Suspicion of China, conspiracy theories hinder Africa’s vaccine roll-out

JOHANNESBURG • As if the struggle to secure its meagre supplies of Covid-19 vaccines was not bad enough, Africa is now having a hard time getting people to take them.

Only 5.22 million people in Sub-Saharan Africa – a region with a population of about one billion – have been vaccinated.

From suspicions about China-made vaccines in Zimbabwe, to conspiracy theories in Ivory Coast about Covid-19 being “a planned event by foreign actors”, to the Islamist militant group Al-Shabaab’s warning in Somalia that people are used as “guinea pigs” for AstraZeneca, large sections of Africans are steering clear of vaccines.

Already lagging behind the rest of the world in its inoculations, the wave of vaccine scepticism – made worse by a lack of trust in local governments and misinformation on social media – threatens to put the continent even further behind.

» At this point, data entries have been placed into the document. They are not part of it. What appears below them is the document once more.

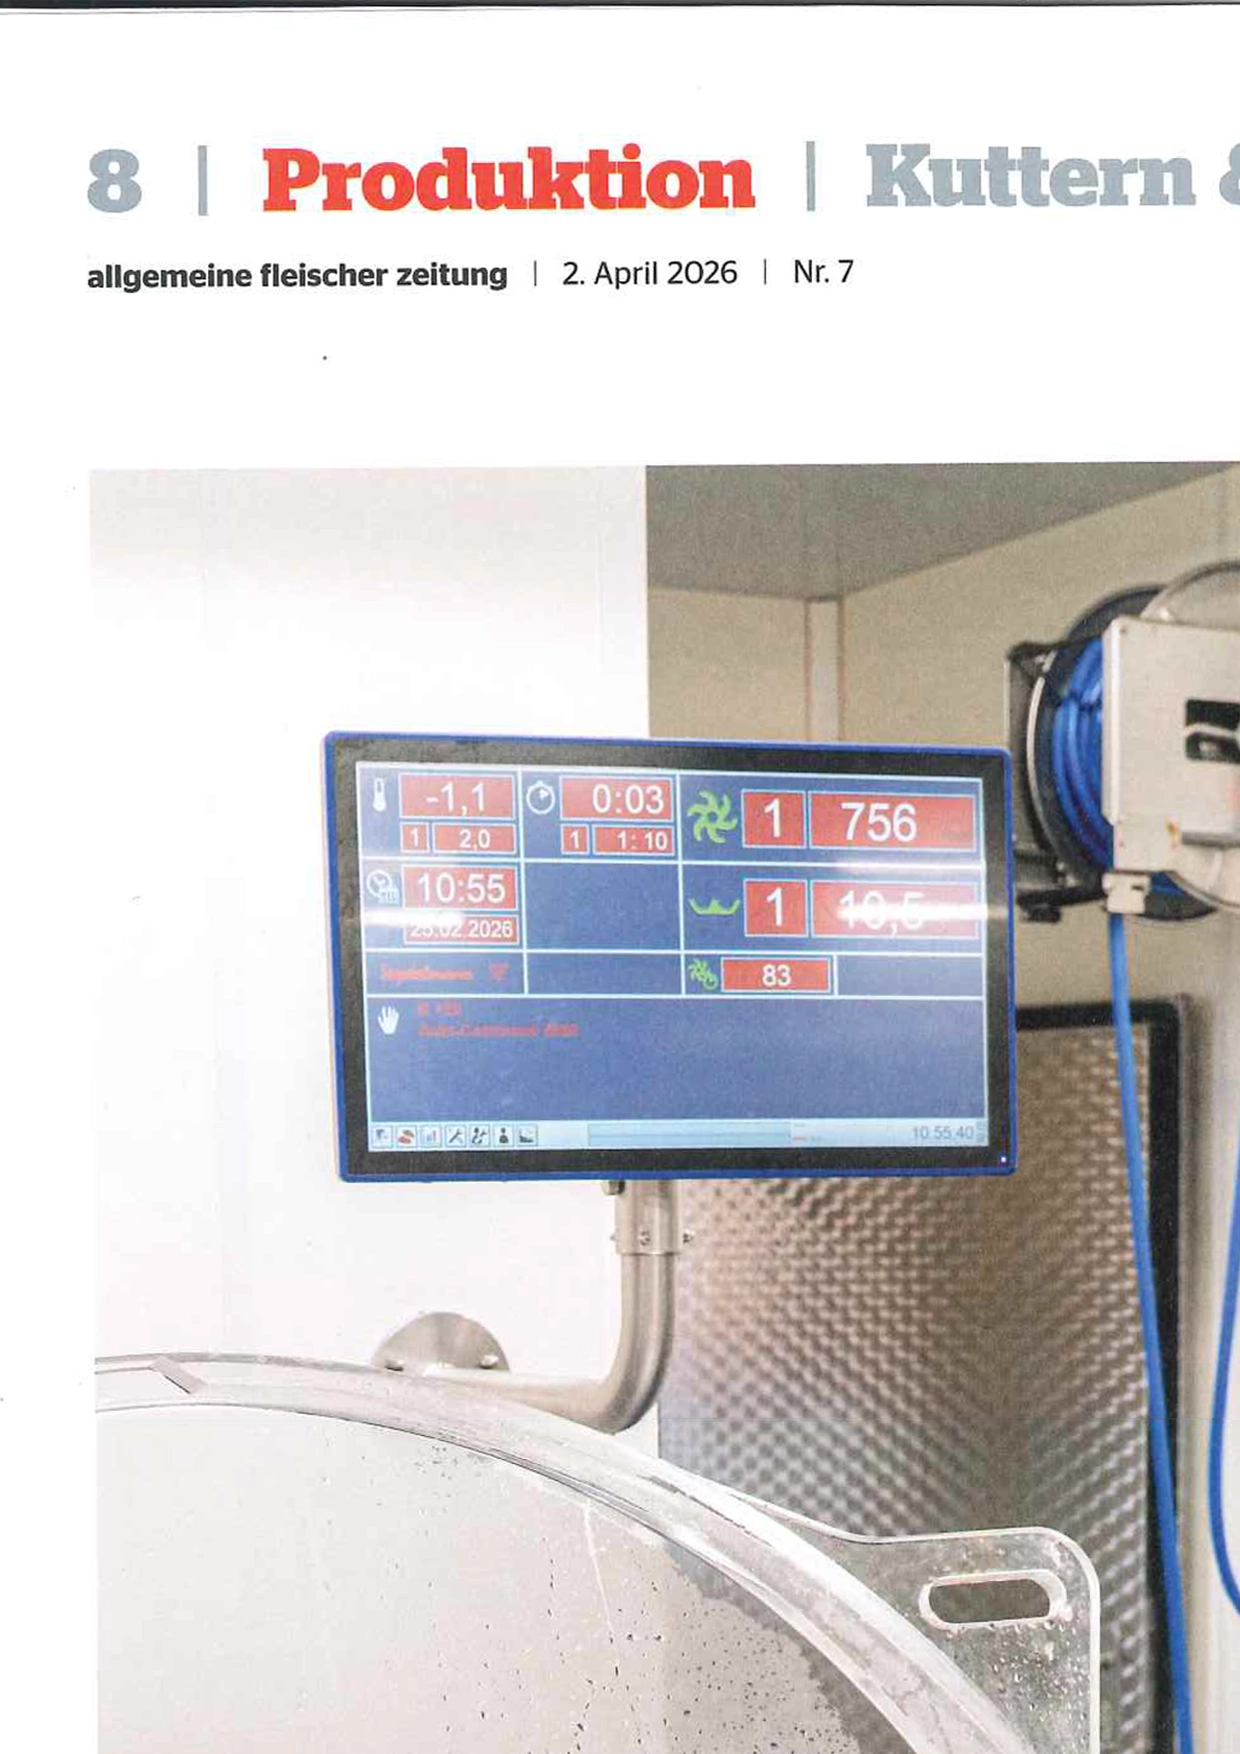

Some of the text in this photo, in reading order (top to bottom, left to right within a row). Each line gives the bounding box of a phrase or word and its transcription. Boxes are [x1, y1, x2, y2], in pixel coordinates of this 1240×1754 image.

[88, 149, 141, 213] 8
[262, 143, 756, 212] Produktion
[866, 143, 1196, 208] Kuttern
[87, 259, 854, 294] allgemeine fleischer zeitung 2. April 2026 Nr. 7
[426, 781, 485, 816] -1,1
[592, 783, 665, 815] 0:03
[763, 798, 781, 838] 1
[840, 801, 918, 842] 756
[410, 828, 420, 847] 1
[570, 830, 580, 849] 1
[418, 873, 506, 904] 10:55
[766, 887, 783, 927] 1
[761, 964, 792, 987] 83
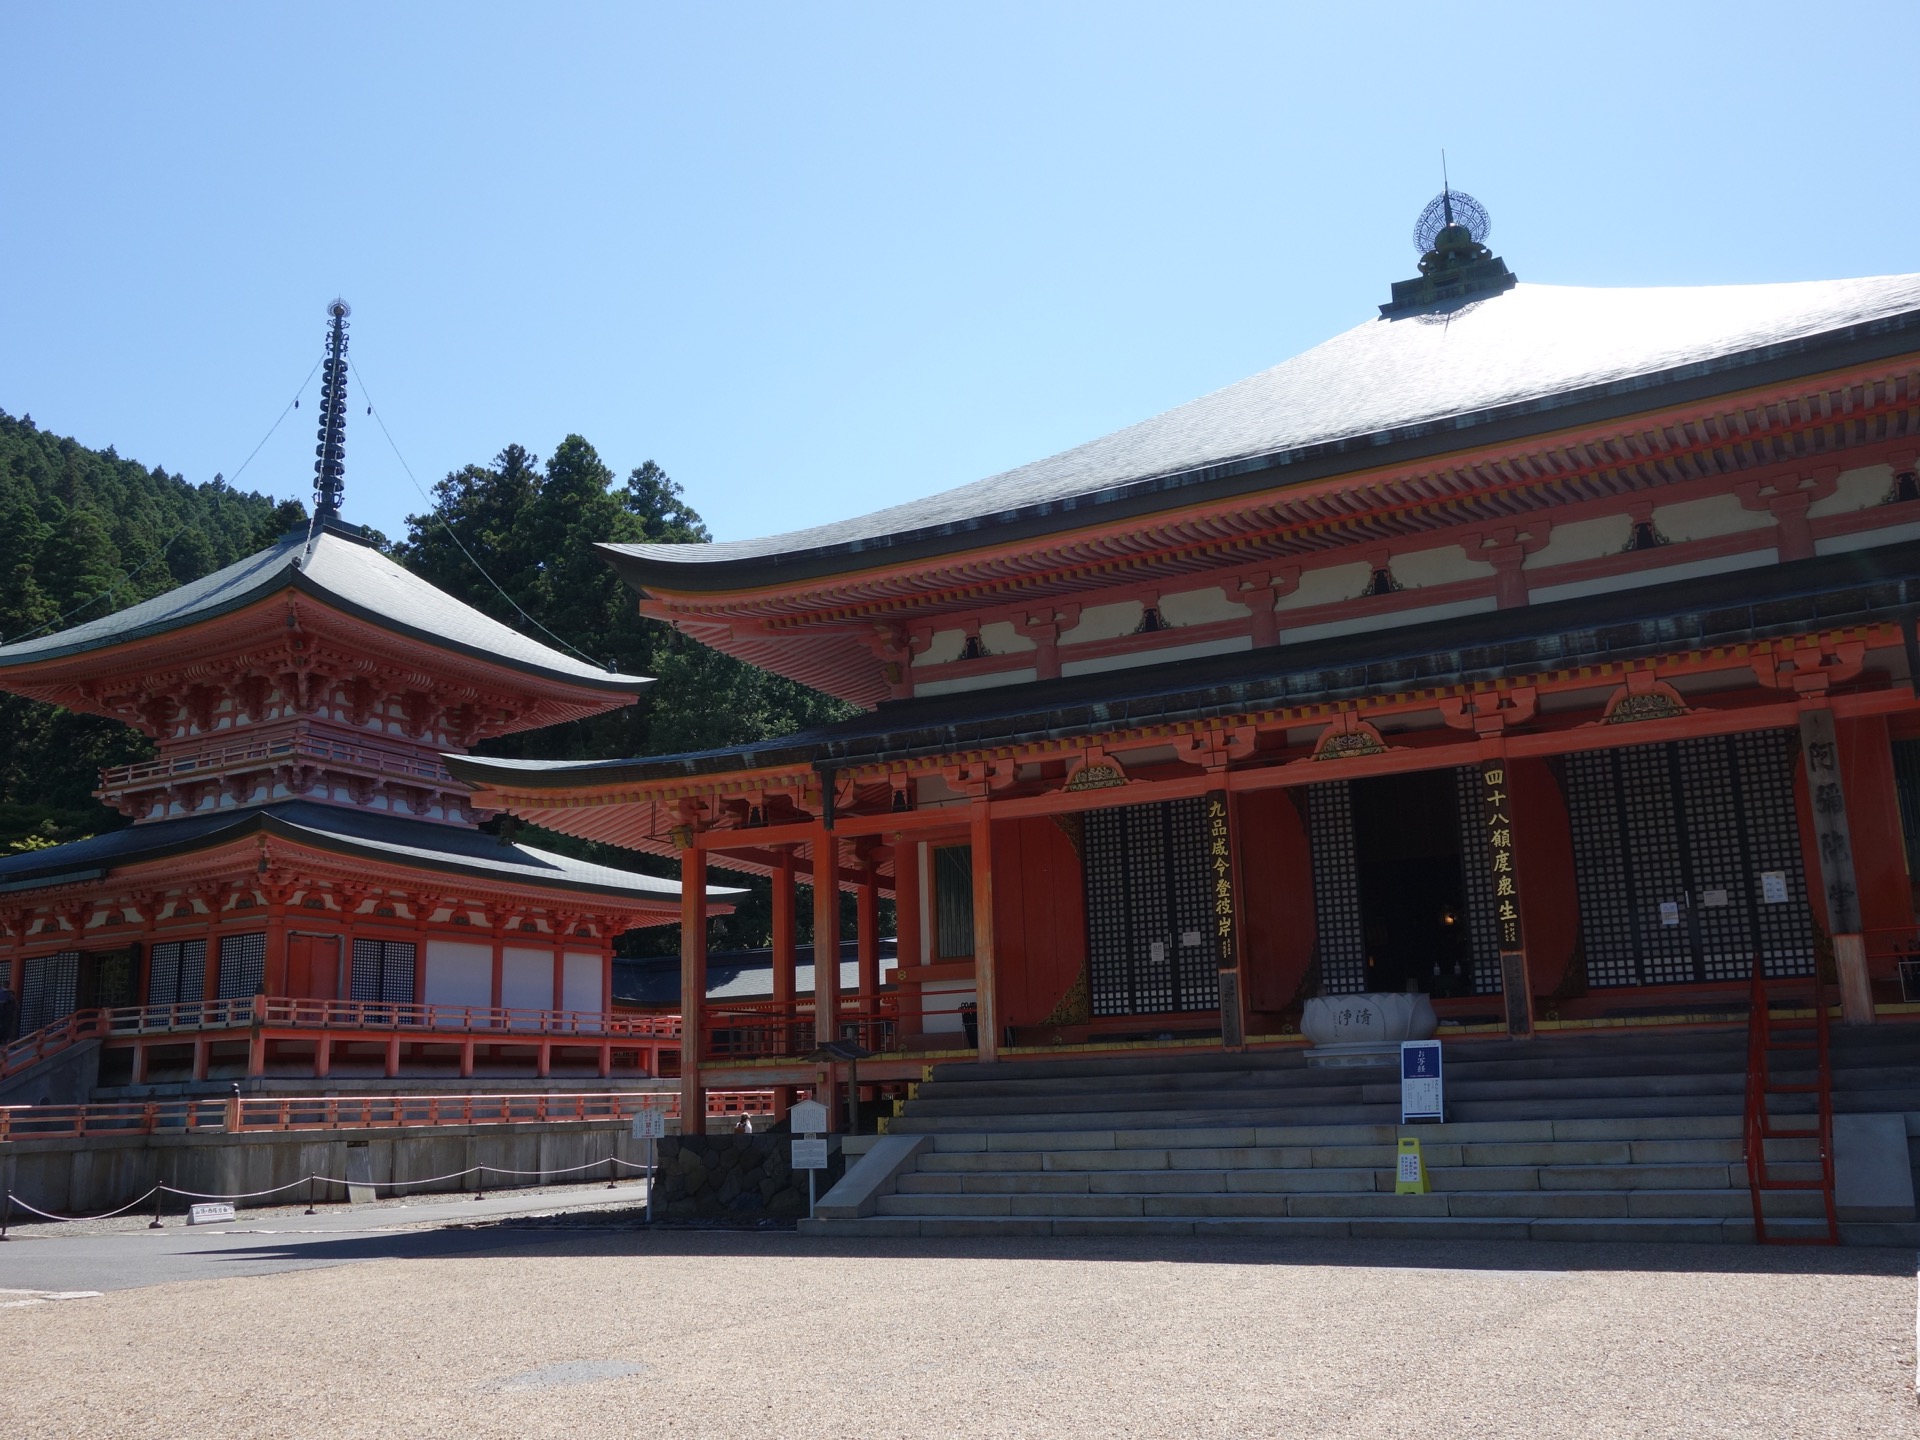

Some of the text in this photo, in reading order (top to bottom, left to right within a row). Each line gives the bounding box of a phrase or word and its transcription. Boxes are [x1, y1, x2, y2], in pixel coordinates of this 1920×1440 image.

[1208, 800, 1234, 938] 九品咸令登彼岸
[1417, 1050, 1427, 1073] お写経

Vaccine hesitancy is standing in the way of efforts by African governments to head off successive waves of the virus. A prolonged pandemic will delay the continent’s recovery, already forecast by the International Monetary Fund to be the slowest region to revive.

It will also provide a fertile breeding ground for virus variants that are reducing the efficacy of some of the vaccines used in the rest of the world.

Even as vaccines start to trickle in, a deep distrust of government is becoming one of the biggest obstacles medical authorities face.

One of the world’s first countries to receive shots from the Covax initiative, Ivory Coast is barely using the doses, having inoculated only about 94,800 people, or 0.4 per cent of its population.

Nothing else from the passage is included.